Sarajevo has a lot to teach the rest of the world at this moment in history, said American human rights activist, Kerry Kennedy, who arrived in the Bosnian capital last week.
Reflecting on current global matters, War in Ukraine, Afghanistan's future after US military withdrawal, the Balkans path to the EU and education on equality and human rights, Mrs. Kennedy has shared what she remembers during the time of her father Robert F. Kennedy's assassination in 1968.
“I was only eight years old when he was murdered. And I found out sitting on the hotel room floor watching cartoons when the news was aired.” – she remembers. “I prayed for my father. Prayed for my mother. My siblings. But I also prayed for the man who killed my father. I wanted the violence to stop. It needed to end.” – she continued.

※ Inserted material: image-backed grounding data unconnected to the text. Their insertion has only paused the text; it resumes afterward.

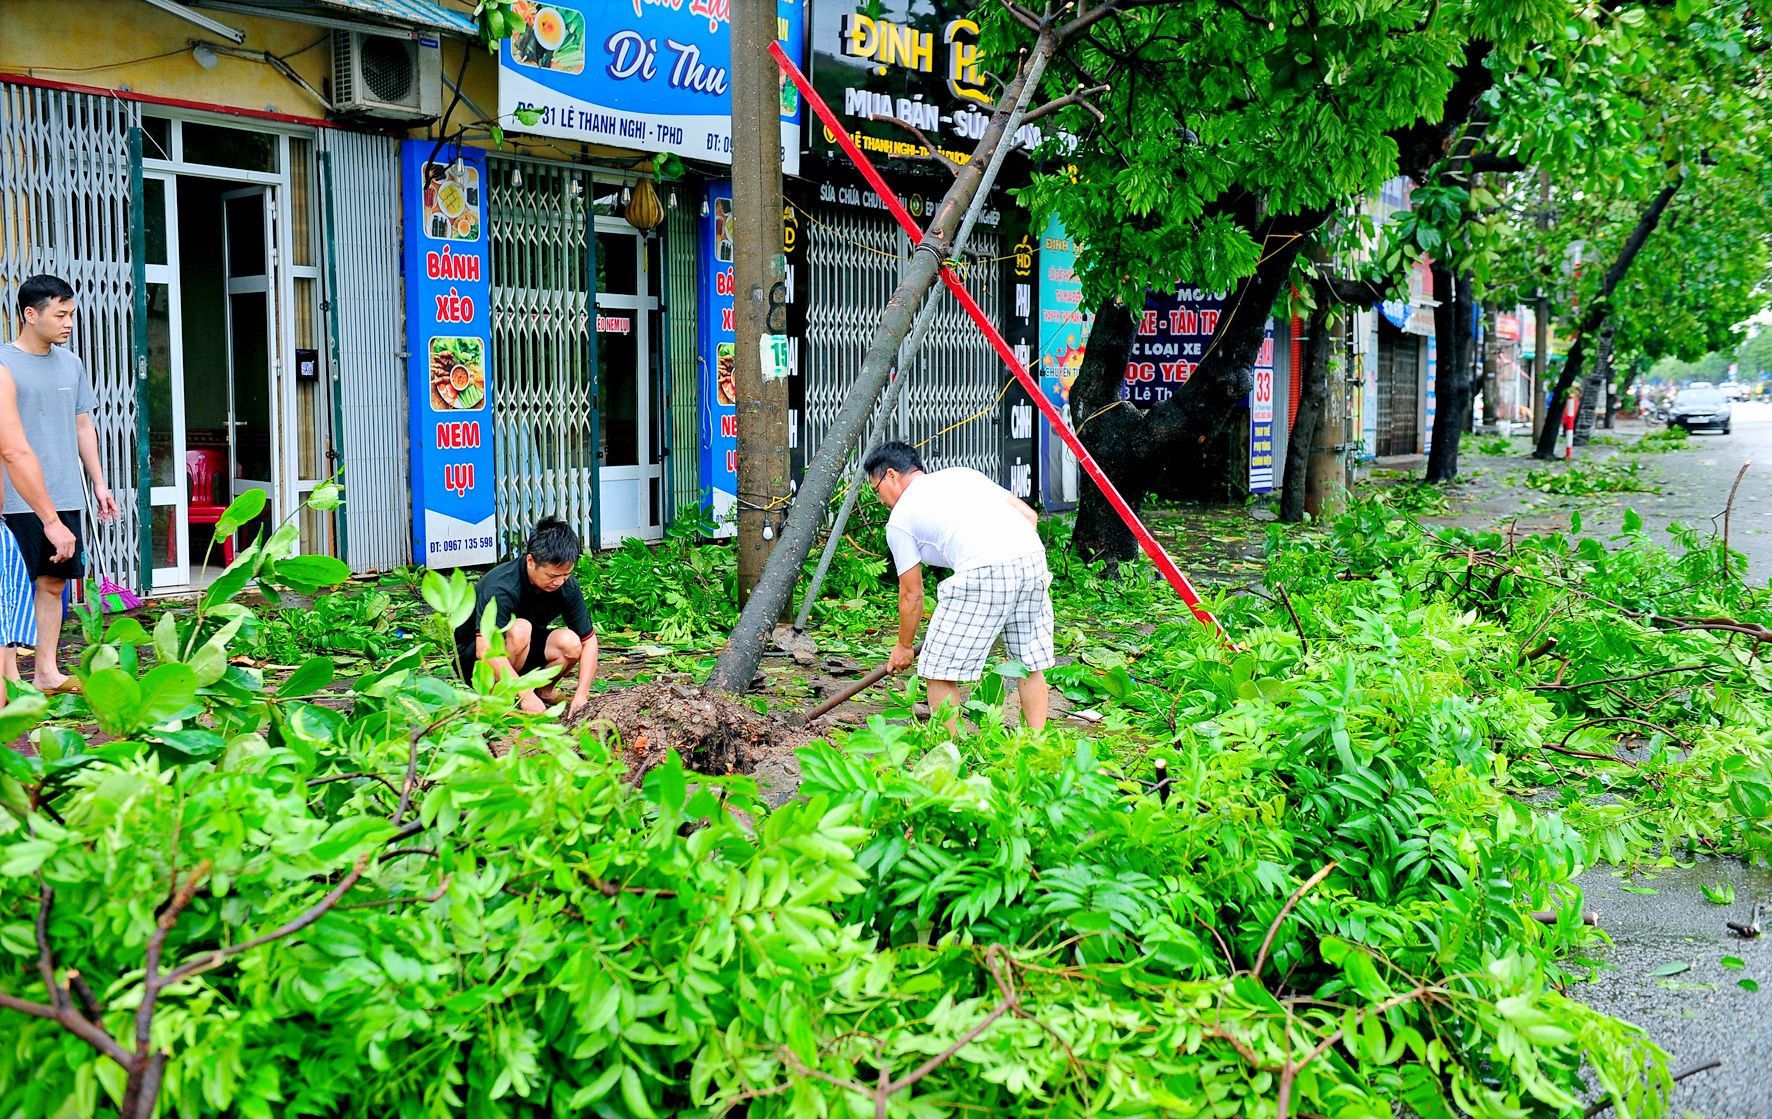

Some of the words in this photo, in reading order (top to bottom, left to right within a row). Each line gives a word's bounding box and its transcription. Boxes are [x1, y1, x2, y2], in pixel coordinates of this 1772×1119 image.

[845, 13, 933, 76] ĐỊNH
[605, 29, 658, 80] Dì
[666, 38, 728, 95] Thu
[542, 105, 556, 125] 31
[560, 105, 575, 128] LÊ
[578, 111, 616, 135] THANH
[619, 118, 646, 143] NGHỊ
[656, 124, 683, 145] TPHD
[845, 87, 894, 118] MUA
[896, 93, 939, 132] BÁN
[862, 136, 893, 153] THANH
[428, 246, 480, 281] BÁNH
[1016, 253, 1031, 269] HD
[436, 289, 474, 323] XÈO
[1144, 343, 1178, 358] LOẠI
[1182, 343, 1202, 355] XE
[1135, 387, 1152, 400] Lê
[1256, 372, 1271, 402] 33
[437, 422, 480, 449] NEM
[1010, 398, 1032, 439] CHÍNH
[445, 464, 474, 498] LỤI
[443, 539, 462, 552] 0967
[465, 537, 478, 550] 135
[479, 536, 493, 549] 598

Senator and American presidential candidate Robert F. Kennedy was also the very person to pass the news to the African-American community that their leader, Martin Luther King, was assassinated. His speech in Indianapolis, Indiana on April 4, 1968, is one of the most quoted speeches in American history.
Mrs Kennedy shared her vision of how that speech relates to modern-day America in wake of George Floyd's murder and police brutality.
Watch the full interview with Kerry Kennedy to hear what she had to say.
The Foundation ‘Shared societies and values’ Sarajevo is hosting the global strategic planning of the American headquarters with European affiliates and partners of the Robert F. Kennedy Foundation for Human Rights (RFK HR).
According to the president of the Foundation ‘Shared societies and values’ Zlatko Lagumdžija, this is the first gathering of its kind held by RFK HR in terms of defining the further strategy of its work in Europe and the wider context.
“The basic idea of the project is ‘Speak the Truth to Power’. We want this entire project from BiH and Sarajevo to spread to the entire region as part of a planetary project in which we are focused on education for the human rights of young people,” said Lagumdzija.
Read Robert F. Kennedy's full speech here:
Senator Robert F. Kennedy
Indianapolis, Indiana
April 4, 1968
“I have bad news for you, for all of our fellow citizens, and people who love peace all over the world, and that is that Martin Luther King was shot and killed tonight. Martin Luther King dedicated his life to love and to justice for his fellow human beings, and he died because of that effort.
In this difficult day, in this difficult time for the United States, it is perhaps well to ask what kind of a nation we are and what direction we want to move in. For those of you who are black–considering the evidence there evidently is that there were white people who were responsible–you can be filled with bitterness, with hatred, and a desire for revenge. We can move in that direction as a country, in great polarization–black people amongst black, white people amongst white, filled with hatred toward one another.
Or we can make an effort, as Martin Luther King did, to understand and to comprehend, and to replace that violence, that stain of bloodshed that has spread across our land, with an effort to understand with compassion and love.
For those of you who are black and are tempted to be filled with hatred and distrust at the injustice of such an act, against all white people, I can only say that I feel in my own heart the same kind of feeling. I had a member of my family killed, but he was killed by a white man. But we have to make an effort in the United States, we have to make an effort to understand, to go beyond these rather difficult times.
My favorite poet was Aeschylus. He wrote: “In our sleep, pain which cannot forget falls drop by drop upon the heart until, in our own despair, against our will, comes wisdom through the awful grace of God.”
What we need in the United States is not division; what we need in the United States is not hatred; what we need in the United States is not violence or lawlessness; but love and wisdom, and compassion toward one another, and a feeling of justice toward those who still suffer within our country, whether they be white or they be black.
So, I shall ask you tonight to return home, to say a prayer for the family of Martin Luther King, that's true, but more importantly to say a prayer for our own country, which all of us love–a prayer for understanding and that compassion of which I spoke.
We can do well in this country. We will have difficult times; we've had difficult times in the past; we will have difficult times in the future. It is not the end of violence; it is not the end of lawlessness; it is not the end of disorder.
But the vast majority of white people and the vast majority of black people in this country want to live together, want to improve the quality of our life, and want justice for all human beings who abide in our land.
Let us dedicate ourselves to what the Greeks wrote so many years ago: to tame the savageness of man and make gentle the life of this world.
Let us dedicate ourselves to that, and say a prayer for our country and for our people.”